To have spent more than five years in prison, for alleged offences under the most draconian acts of the Indian Penal Code, fully aware that the only ‘crime’ you and your co-defendants have committed is speaking truth to power, is an experience that is surreal. To live such a quotidian life in prison is a dystopia that stares at you. Yet you have little choice in prison but to engage with this audacity. It is through words that you confront this dystopia, name it.
Through words we name the world we confront/inhabit, and make sense of our existence.
To confine someone is to silence them. But then, silence can’t be silenced. Words enliven them; words of silence; silence of words; words that are armed, armed words; fearless words; liberating words.

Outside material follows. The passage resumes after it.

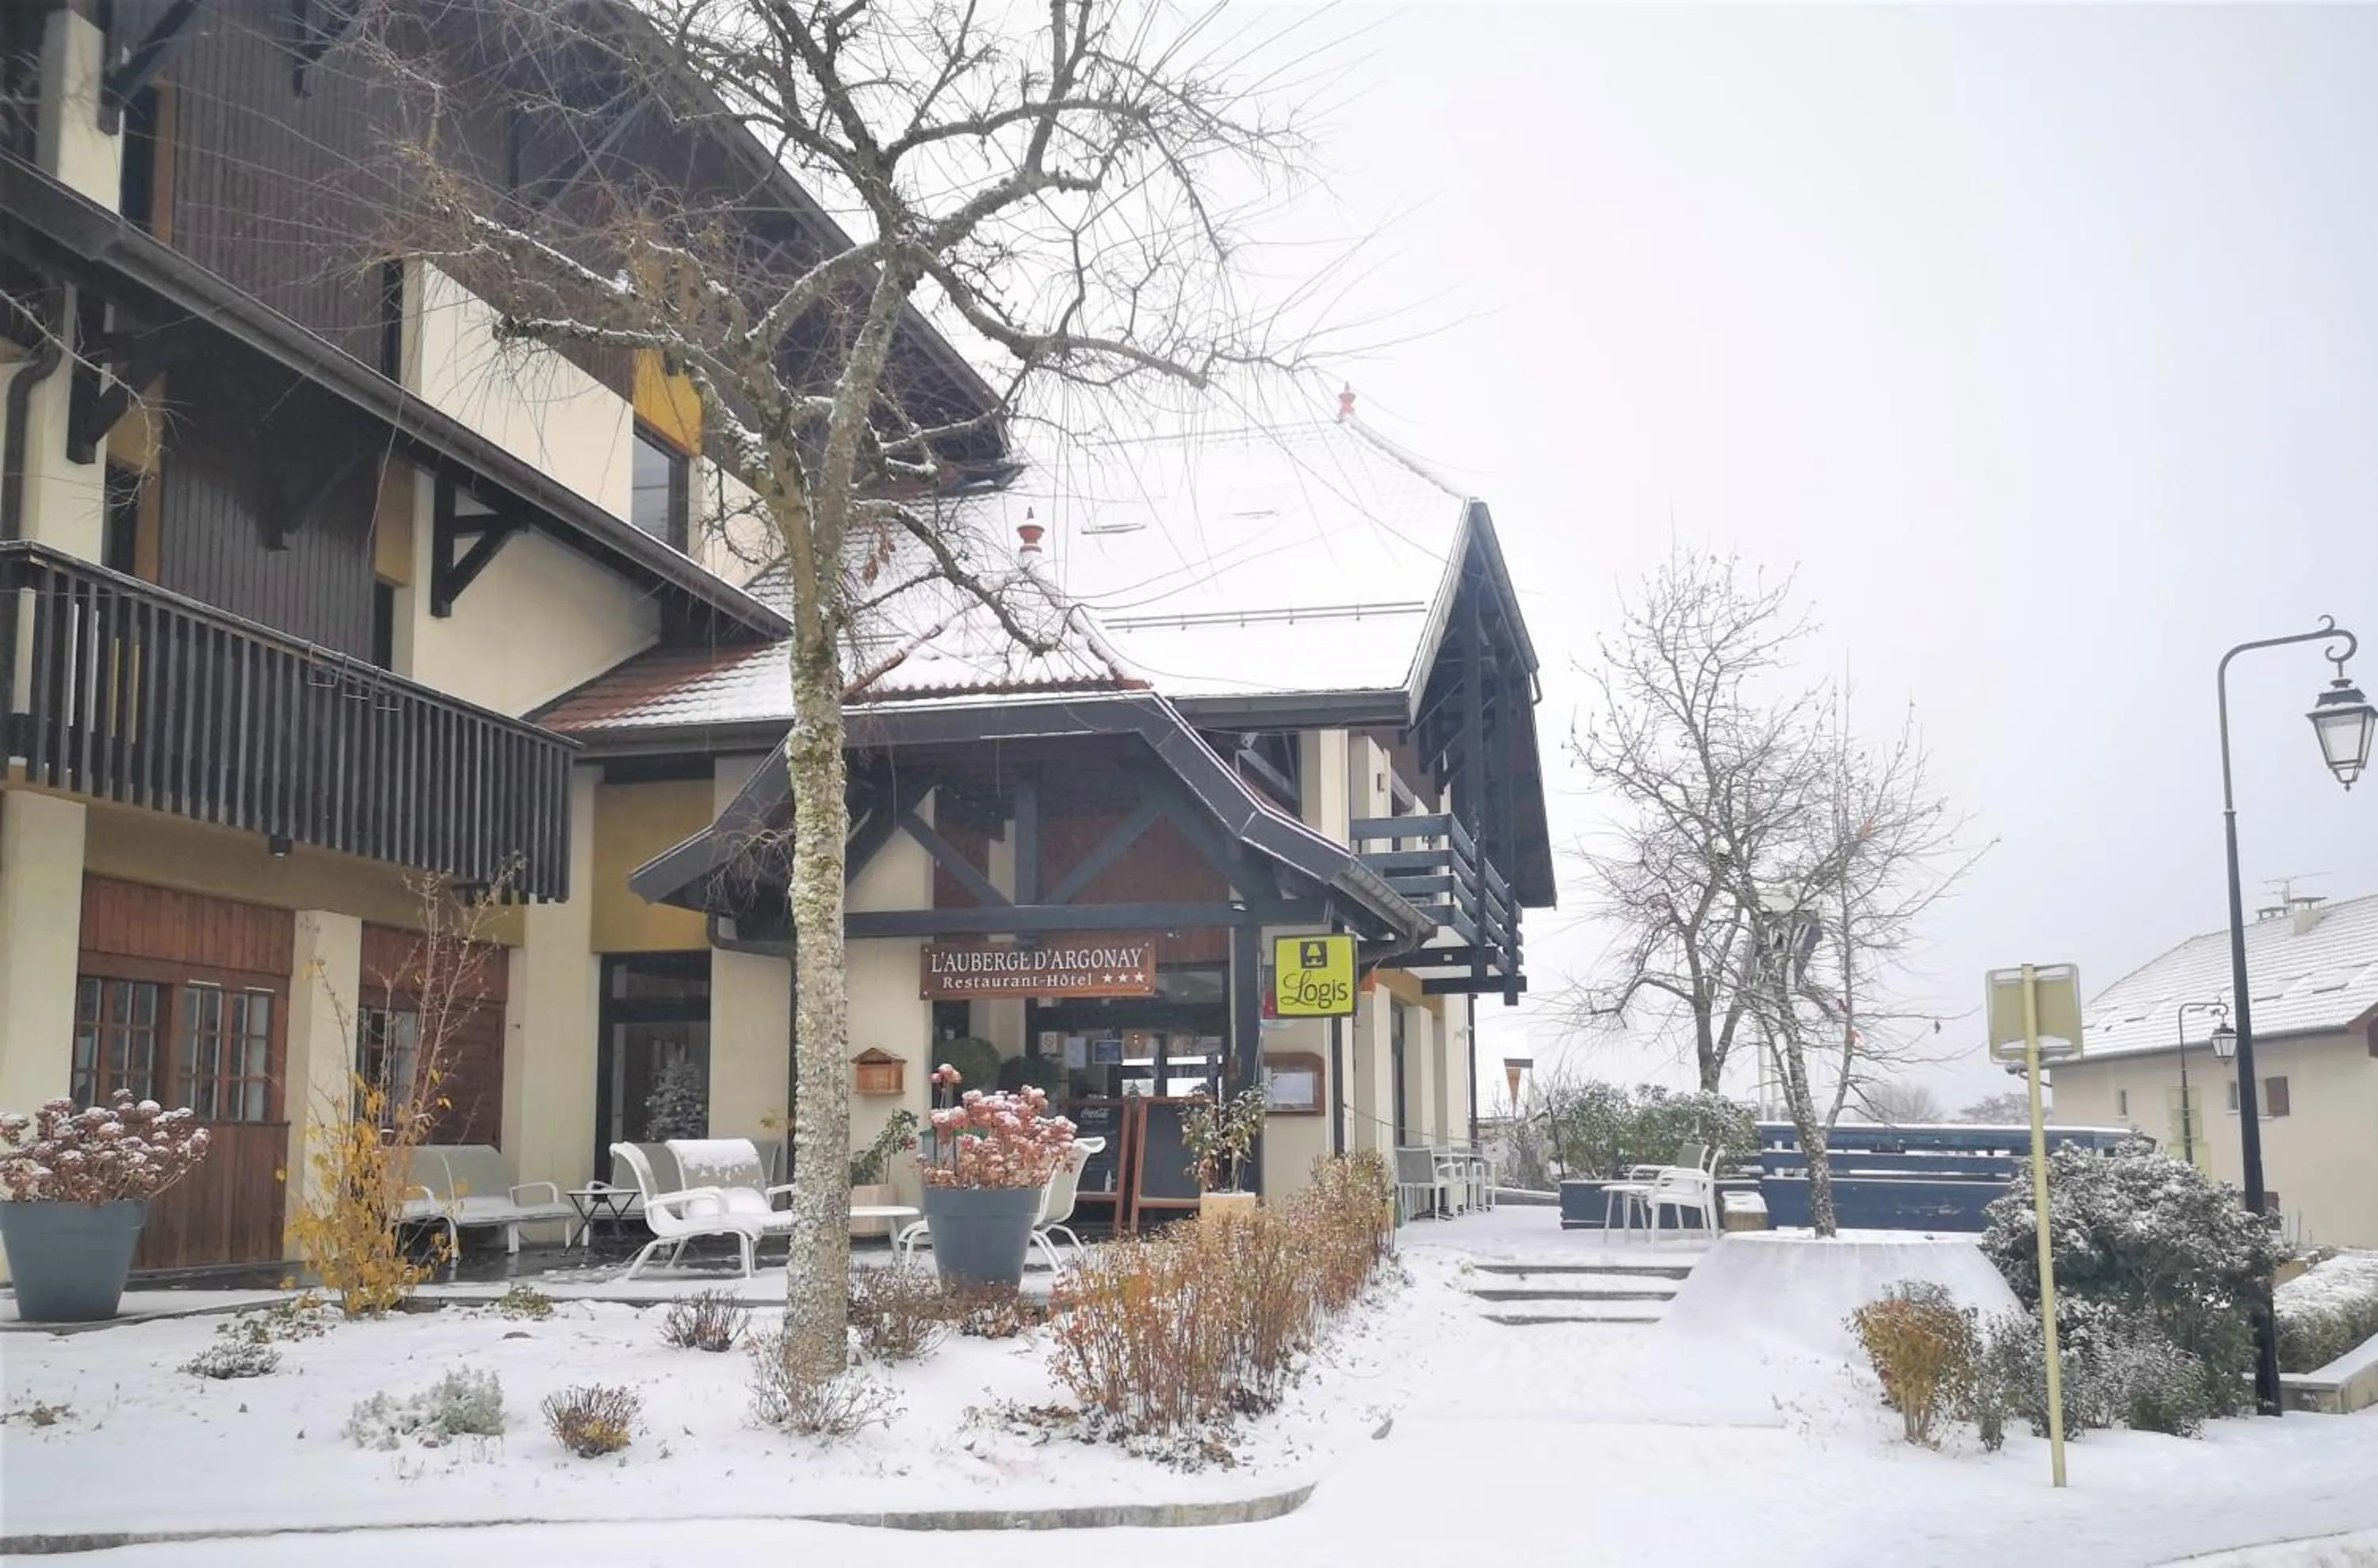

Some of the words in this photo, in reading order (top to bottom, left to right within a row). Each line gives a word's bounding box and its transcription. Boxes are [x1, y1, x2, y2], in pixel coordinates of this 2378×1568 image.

[931, 951, 1030, 973] L'AUBERGE
[1034, 948, 1142, 969] D'ARGONAY
[1280, 969, 1348, 1009] Logis
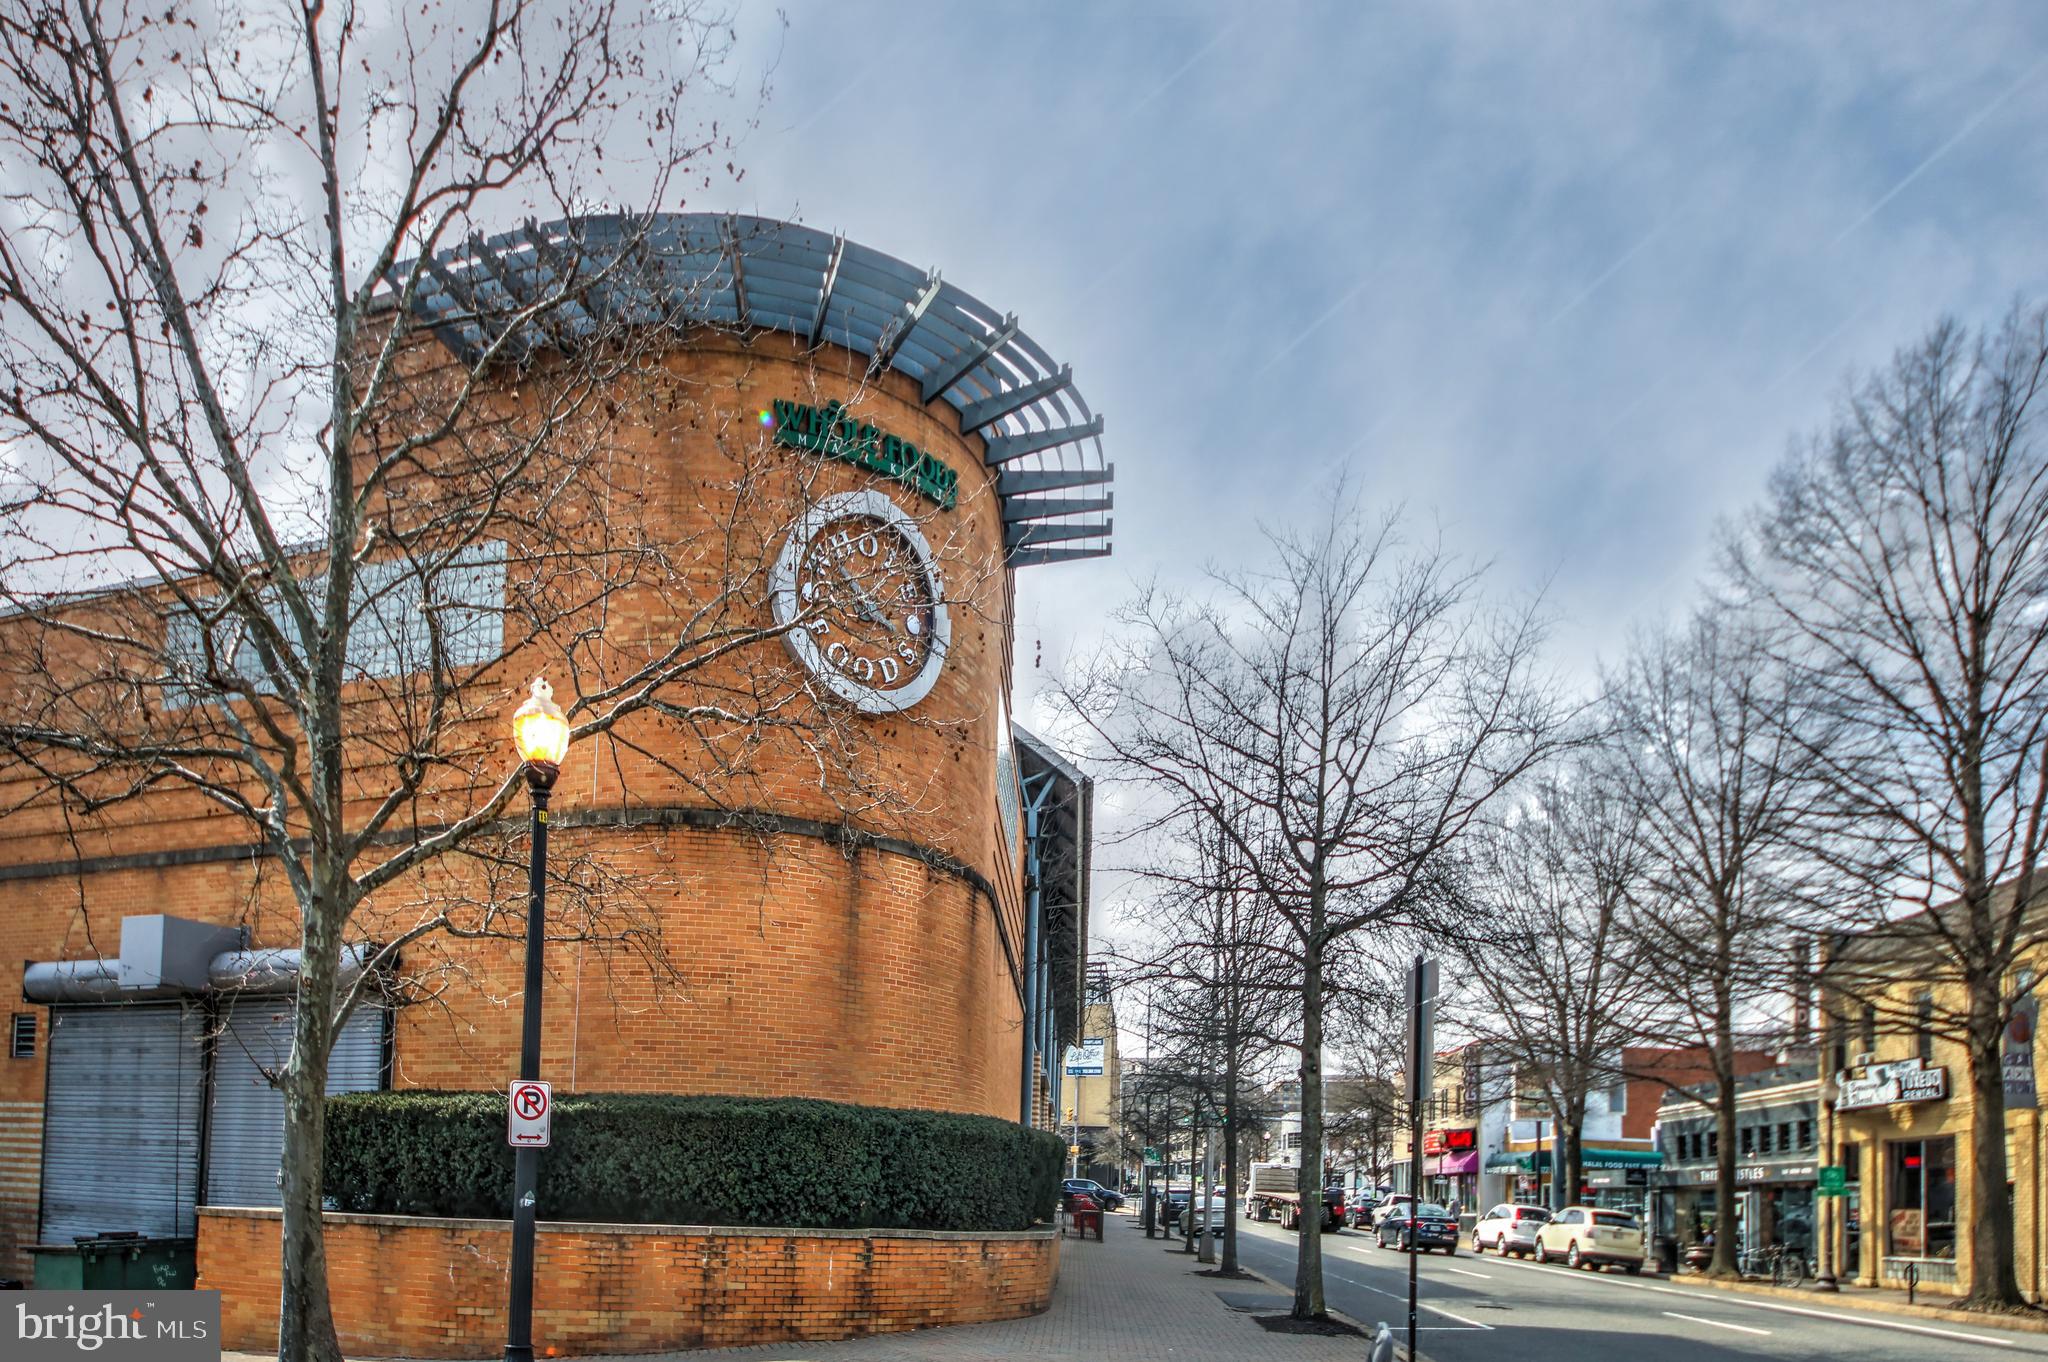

What words can make sense of the Bhima Koregaon-16 case? It is fitting example of words as inversion of reality, in order to silence words that refuse to be silent, words that are against silencing of words, words that write, words that dare to dream.
Can five years of incarceration, yet unabated, silence our words? This same question was echoed, albeit in a different context, when Shobha Gupta – the lawyer for Bilkis Bano, who struggled for years alongside the rape survivor to secure her justice – on being asked by senior journalist Barkha Dutt if Bilkis Bano would take legal measures against the Gujarat government’s decision to give remission to 11 of those men who were sentenced to life for violating her – lamented, “How much courage can one woman show?”
Words that can unsettle you… Especially, in the context of a human being, a woman in particular, condemned to that unimaginably unbearable moment of being gang-raped before her mother, to then witness her mother and two sisters being meted out the same brutality; to watch them die; to be mute witness to her three-year-old daughter being killed, her head smashed with a stone.
Gupta’s outrage is mindful of a woman who refused to be silent, and gave up 17 years of her life struggling for justice to put behind bars all those men who violated her. The disquiet that betrays the outrage in her lawyer’s lament is eloquent of the uncertainties attending Bilkis Bano’s life ahead. The gross injustice that was visited upon her is turned upside down – yet another instance of inversion of reality – by C.K. Raulji, a BJP legislator and one of the members on the Gujarat government panel that recommended the release of these convicts, when he says in an interview to Mojo Story that these men who got released were “Brahmins, and Brahmins have good sanskar (culture). Their conduct in jail was good.” Words that invert reality. Words that silence.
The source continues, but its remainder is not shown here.